This narrative implies that only one set of those risks can be ‘real’ and be worthy of our attention. But this is a false dilemma. Mitigating current harms doesn’t imply giving up on the catastrophic, and vice versa. This is because addressing both sets of risks may involve similar solutions. For that reason, a more productive way of thinking about those risks and harms consists in considering how the current harms may be linked to the longer-term, potentially catastrophic ones. In particular, might current risks be on a causal pathway to catastrophic ones?
A paper by Bucknall and Dori-Hacohen precisely explores that idea. They identify risks posed by current/near-term AI capabilities and show how they might lead to more serious risks, for instance, nuclear war. Here is a figure from their paper.
In that model, current and near-term AI capabilities pose various risks, e.g. threats to information ecosystems via social media and recommender systems. These risks may be directly linked to catastrophic risks, such as the making of bioweapons. Or, they can be mediated by other processes such as disrupting political systems. For instance, AI systems might foster polarization, which might lead to escalating tensions between nuclear powers.
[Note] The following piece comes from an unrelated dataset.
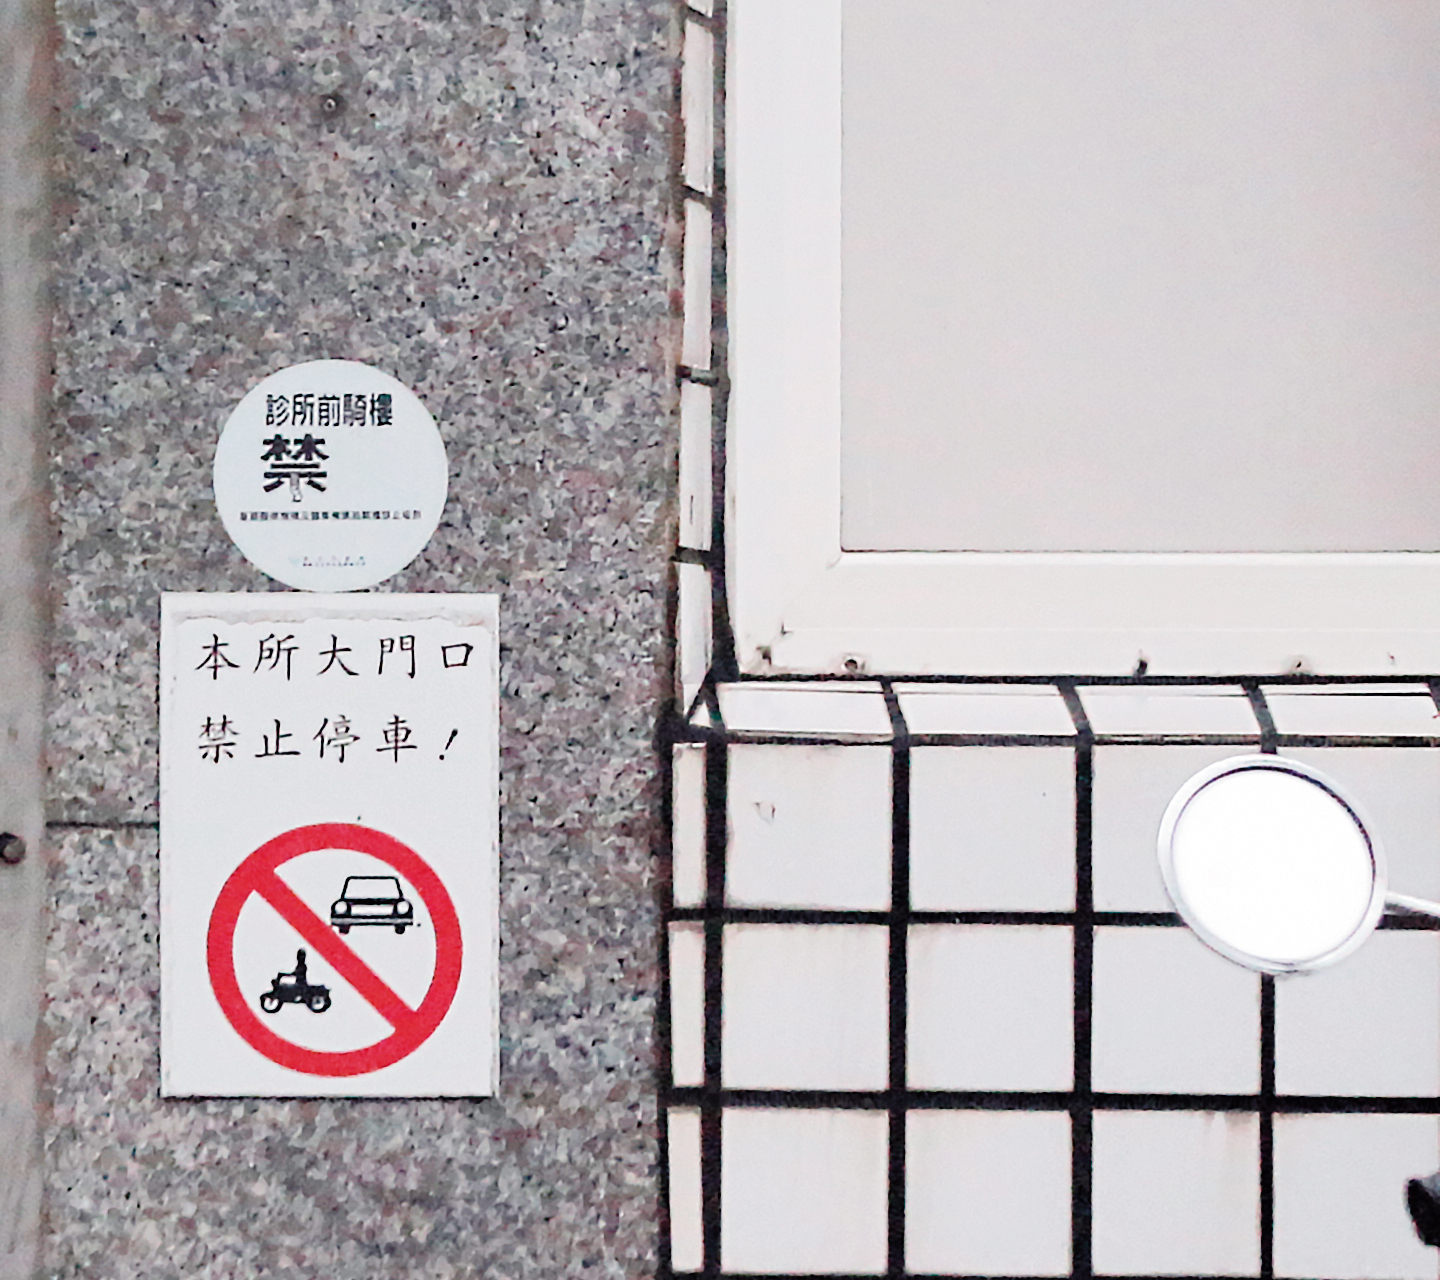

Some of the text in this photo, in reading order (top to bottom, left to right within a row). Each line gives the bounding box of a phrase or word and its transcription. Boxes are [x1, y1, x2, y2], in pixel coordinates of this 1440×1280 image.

[266, 393, 392, 427] 診所前騎樓
[260, 433, 330, 502] 禁
[195, 633, 474, 681] 本所大門口
[198, 714, 458, 763] 禁止停車!
In a similar vein, a recent paper by Hendrycks, Mazeika, and Woodside identifies various sources of catastrophic AI risks like malicious use or organizational risks. They then examine how those risks might lead to more catastrophic risks. Although they mostly focus on the capabilities of more advanced AI systems, they also remark that "that many existential risks could arise from AIs amplifying existing concerns".
This suggests that there is much more potential agreement between the AI doomers and the AI hype critics than meets the eye. Instead of debating on the plausibility of AI systems causing catastrophic risks, it may be more productive to examine possible causal chains of risks. Crucially, the debate should be informed by more explicit modelling of how different risks interact with each other. In particular:
Are current risks on a possible causal pathway to other catastrophic ones?
Is the amplification of current risks potentially catastrophic?
If current risks are on a possible causal pathway to more catastrophic risks, mitigating the current risks may serve the dual purpose of also reducing the catastrophic ones. To illustrate, consider the case of misaligned, ‘rogue’, AI systems. In a nutshell, these are not pursuing the goals we want. In a post earlier this year, Yoshua Bengio explored how misaligned, rogue, superintelligent AIs may arise and bring about catastrophic risks. The timeline and plausibility of superintelligent AI are contentious. But that uncertainty is by and large irrelevant. Since misaligned AI systems already exist and cause harm, solving that may come in handy if more advanced AI systems come into existence.1
Of course, it doesn’t mean that some solutions will solve all problems of a given type. For instance, preventing current harms caused by the malicious use of deepfakes may only partially overlap with solving for other malicious uses. Or, we might also recognize the limitations of some techniques; e.g. reinforcement learning from human feedback is not a silver bullet for alignment. But if a technique cannot align less advanced systems, it is good evidence it won’t work for the most advanced ones either.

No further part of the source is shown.